18296002. MULTILINGUAL TEXT-TO-IMAGE GENERATION simplified abstract (Adobe Inc.)
Contents
MULTILINGUAL TEXT-TO-IMAGE GENERATION
Organization Name
Inventor(s)
Venkata Naveen Kumar Yadav Marri of Newark CA (US)
Ajinkya Gorakhnath Kale of San Jose CA (US)
MULTILINGUAL TEXT-TO-IMAGE GENERATION - A simplified explanation of the abstract
This abstract first appeared for US patent application 18296002 titled 'MULTILINGUAL TEXT-TO-IMAGE GENERATION
Simplified Explanation: The patent application describes systems and methods for image processing using multilingual text prompts and diffusion models to generate images corresponding to the text prompts.
Key Features and Innovation:
- Obtaining a text prompt in a first language
- Encoding the text prompt using a multilingual encoder to obtain a multilingual text embedding
- Processing the multilingual text embedding using a diffusion prior model to obtain an image embedding
- Generating an image using a diffusion model based on the image embedding
Potential Applications: This technology can be used in various applications such as language translation, image generation based on text prompts, and multilingual content creation.

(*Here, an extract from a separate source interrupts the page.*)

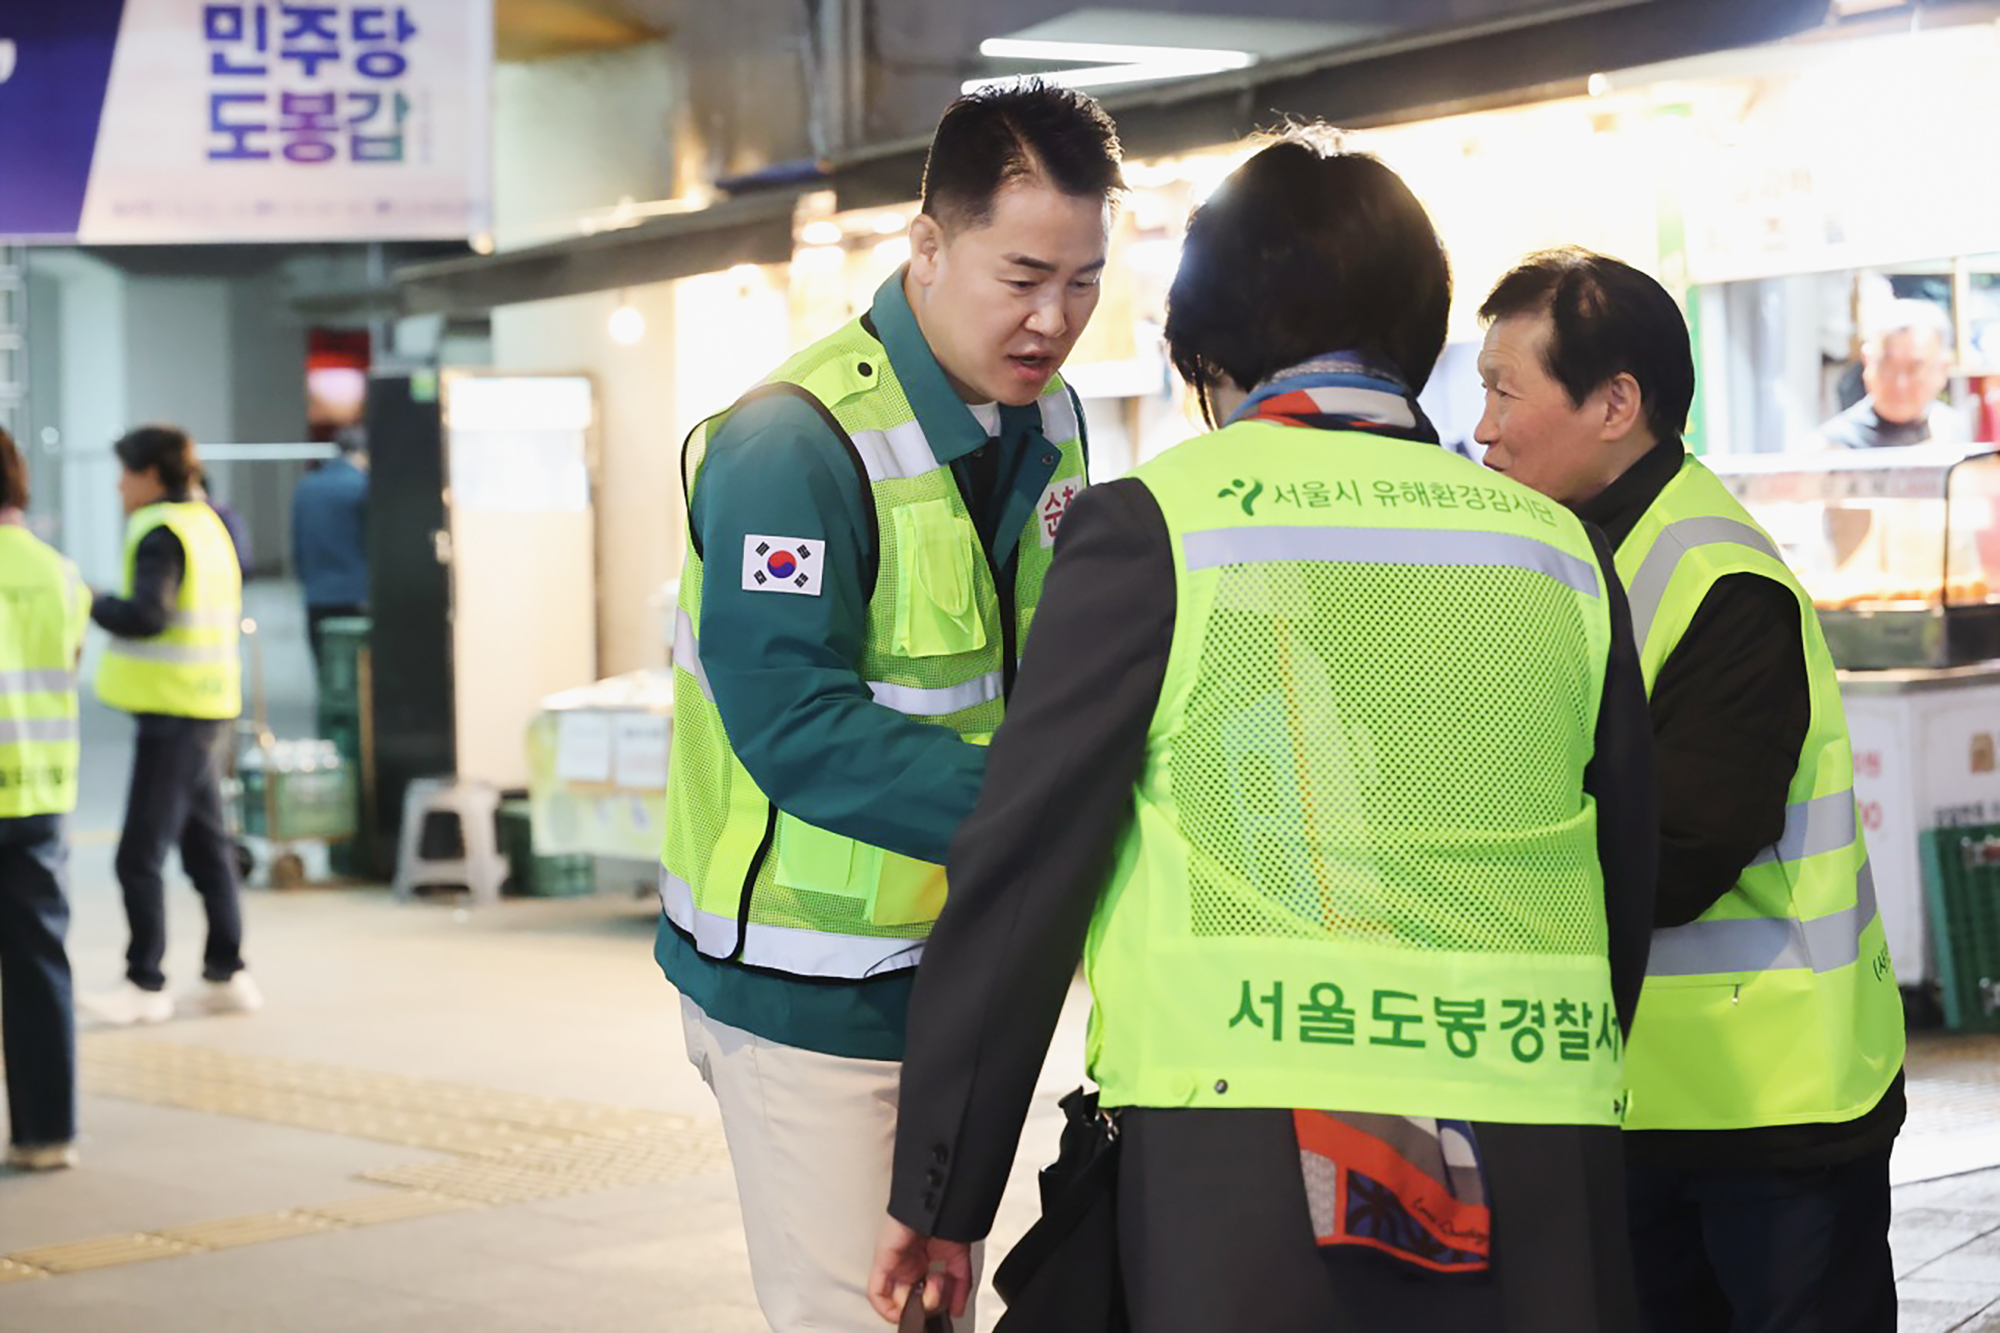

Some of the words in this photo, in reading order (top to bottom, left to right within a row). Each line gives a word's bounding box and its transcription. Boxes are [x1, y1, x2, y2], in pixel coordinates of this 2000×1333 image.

Problems Solved: This technology addresses the challenges of processing multilingual text prompts to generate corresponding images efficiently and accurately.
Benefits:
- Improved accuracy in generating images from multilingual text prompts
- Enhanced capabilities for multilingual content creation
- Streamlined image processing workflows
Commercial Applications: The technology can be utilized in industries such as digital marketing, e-commerce, and content creation platforms to enhance multilingual image generation and text-to-image capabilities.
Prior Art: Researchers can explore prior art related to multilingual text embedding, diffusion models in image processing, and language translation technologies to understand the existing knowledge in this field.
Frequently Updated Research: Stay updated on advancements in multilingual text processing, image generation models, and language translation technologies to leverage the latest developments in this area.
Questions about image processing with multilingual text prompts: 1. How does the diffusion prior model improve the accuracy of image generation from multilingual text prompts? 2. What are the potential limitations of using multilingual encoders in image processing with text prompts?
Original Abstract Submitted
Systems and methods for image processing are provided. One aspect of the systems and methods includes obtaining a text prompt in a first language. Another aspect of the systems and methods includes encoding the text prompt using a multilingual encoder to obtain a multilingual text embedding. Yet another aspect of the systems and methods includes processing the multilingual text embedding using a diffusion prior model to obtain an image embedding, wherein the diffusion prior model is trained to process multilingual text embeddings from the first language and a second language based on training data from the first language and the second language. Yet another aspect of the systems and methods includes generating an image using a diffusion model based on the image embedding, wherein the image includes an element corresponding to the text prompt.